## EXERCISE DETAILS
An exact copy of the entries below is needed, with every picture left out.

►

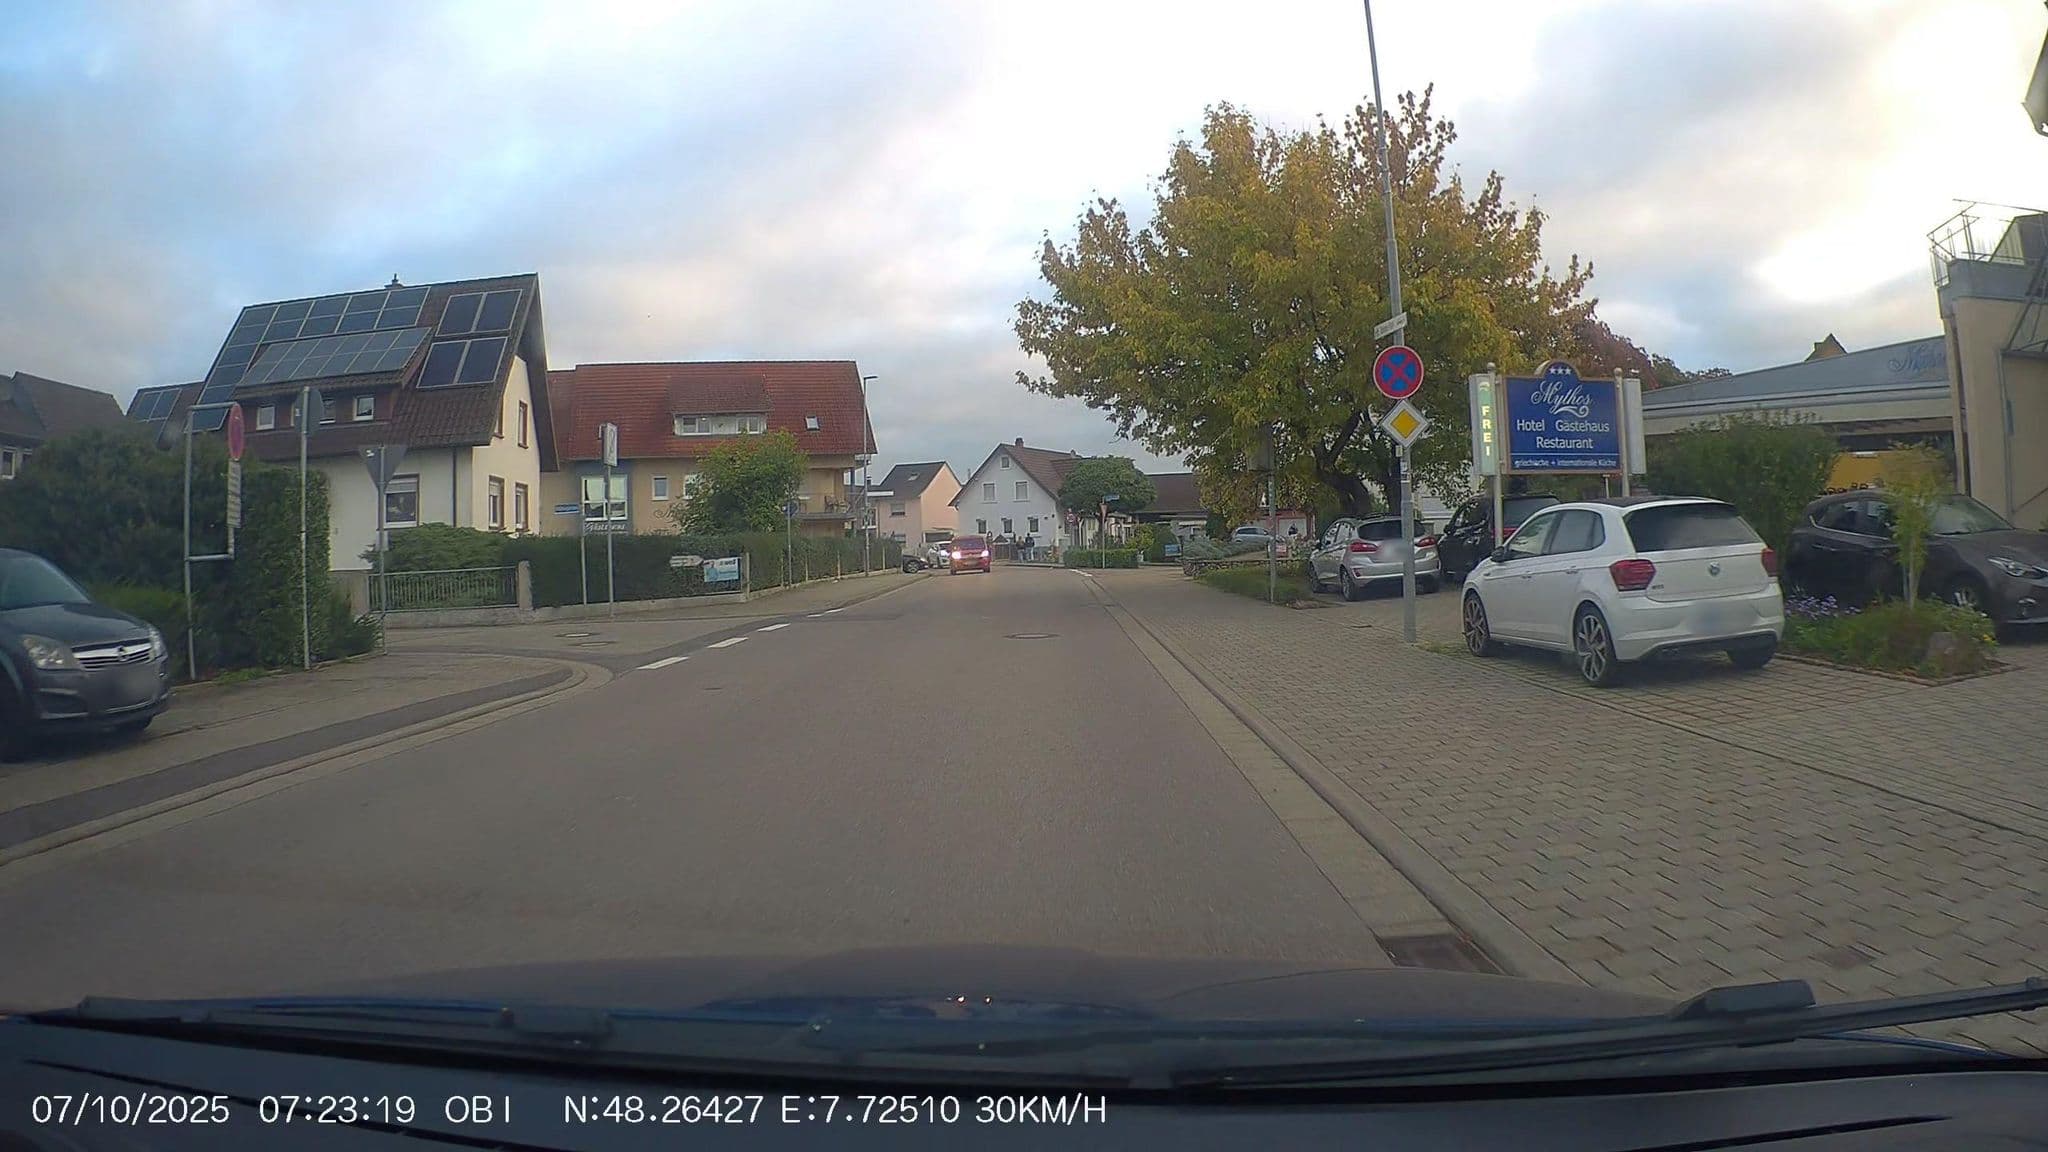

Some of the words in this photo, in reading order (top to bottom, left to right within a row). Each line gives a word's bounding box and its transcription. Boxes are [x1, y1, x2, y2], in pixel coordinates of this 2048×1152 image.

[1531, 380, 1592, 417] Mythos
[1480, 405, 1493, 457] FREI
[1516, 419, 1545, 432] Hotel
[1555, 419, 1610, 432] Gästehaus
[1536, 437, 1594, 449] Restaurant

◄

## OUTPUT FOR THIS TASK
Some of the words in this photo, in reading order (top to bottom, left to right within a row). Each line gives a word's bounding box and its transcription. Boxes are [x1, y1, x2, y2], in pixel coordinates of this 2048×1152 image.

[1531, 380, 1592, 417] Mythos
[1480, 405, 1493, 457] FREI
[1516, 419, 1545, 432] Hotel
[1555, 419, 1610, 432] Gästehaus
[1536, 437, 1594, 449] Restaurant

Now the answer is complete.